It often is very odd how the human mind likes to “work” – I have read many alleged scientific articles on the mind insisting how it is into organizing thoughts in some manner, on how we feel comfortable with symmetry, lines, and categorization, and how everything we do or impose on ourselves – including racism, class, prejudice, and war – is simply nothing than a materialistic projection of our thought patterns.
Intriguing and debatable, until I came across my thick journal that I used to write in. I’ve talked countless times about my many journals before, but this particular one has such a wealth of information it often scares me to the point of me wanting to destroy it. But alas, the writer in me begs to keep it, conjuring up illusions of my future at a wooden vintage typewriter with that journal the sole survival, and proof, of many memories in my life. I opened up the pages of the book to read what I have written in the last week of July during the past decade.

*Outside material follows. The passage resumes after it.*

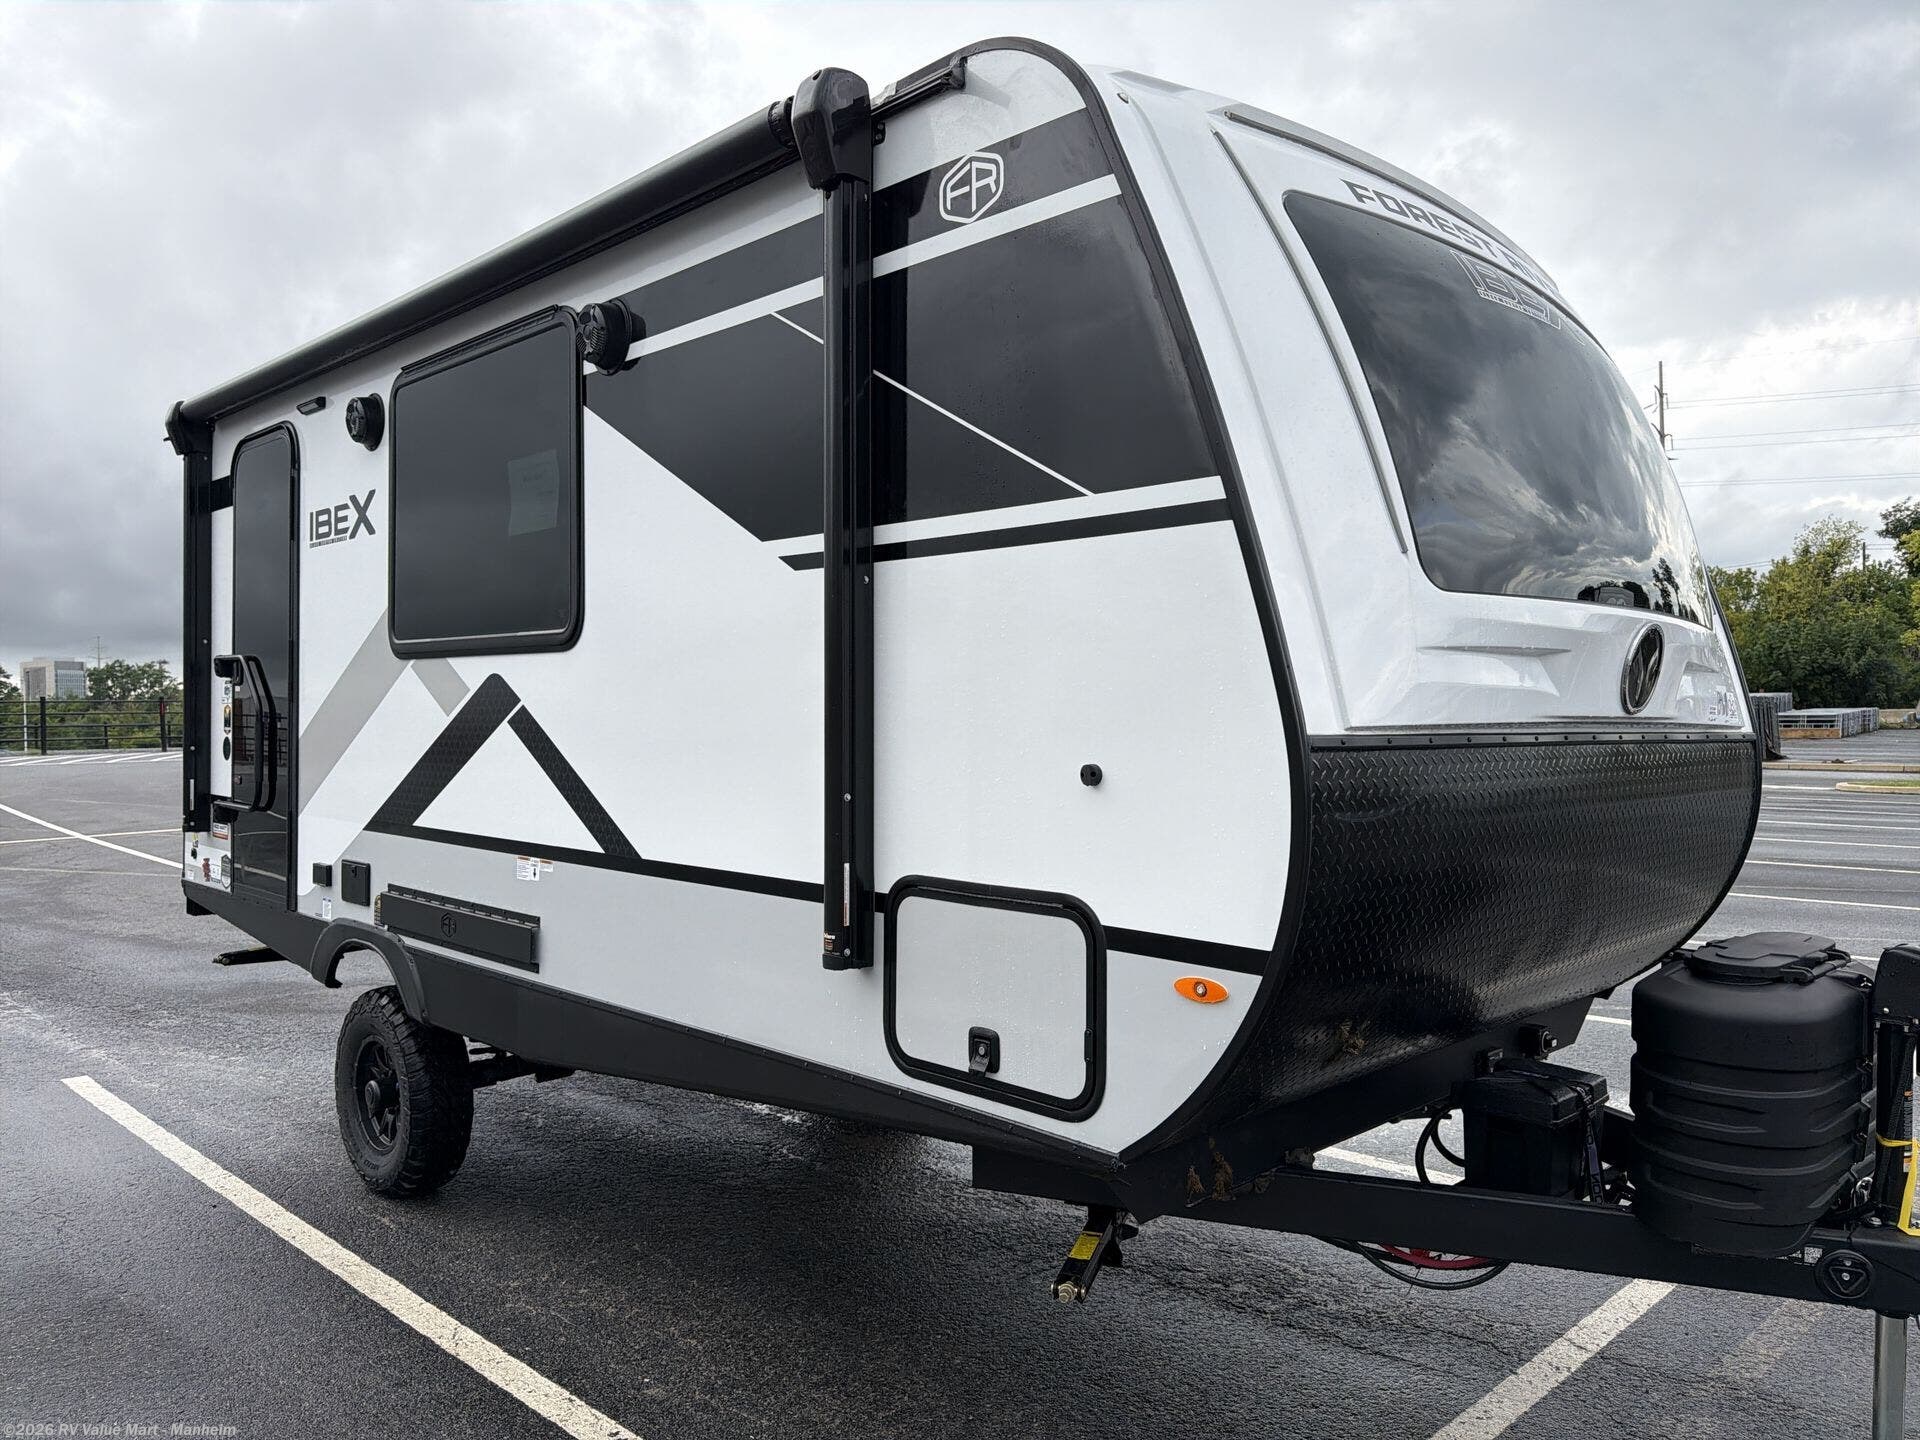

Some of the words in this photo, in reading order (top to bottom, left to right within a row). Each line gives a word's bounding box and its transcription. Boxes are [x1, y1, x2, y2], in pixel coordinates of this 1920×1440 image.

[944, 159, 998, 214] FR
[1340, 178, 1499, 259] FOREST
[309, 488, 377, 542] IBEX

What I found, worried me, only slightly but nevertheless made me wake up to something I have always known; my life is being dictated by thought patterns. Through the gibberish nonsense of my teens it was easy to pick out patterns that occur at roughly the same time every year. The overarching storyline is that I always feel lost regardless of whatever external indications I receive and convince myself of. On the details, there are always the same cycles I go through.
Every period of months, of every year, follow the same pattern. Like the seasons, my life takes a course and my mind dictates how I should be feeling. In several accounts, the same people have been mentioned and it is typically the same annual scenarios. In the winter months, the tales focus on a different group of people and the events share a similar pattern. And so it goes year after year.
In fact, I was looking at an entry a few years back directed at my cousin who shares the same name. As I read it, I felt as though it has been written by someone else and dedicated it to me. It’s the biggest Karma bite I have ever experienced.
What’s different now is that the characters changed and so have their stories, but the arch story is still, to a large degree, the same. It feels as though the only way to predict what’s coming in the next few months is to read about them in my past.
Can the mind really be so powerful as to manifest itself as life?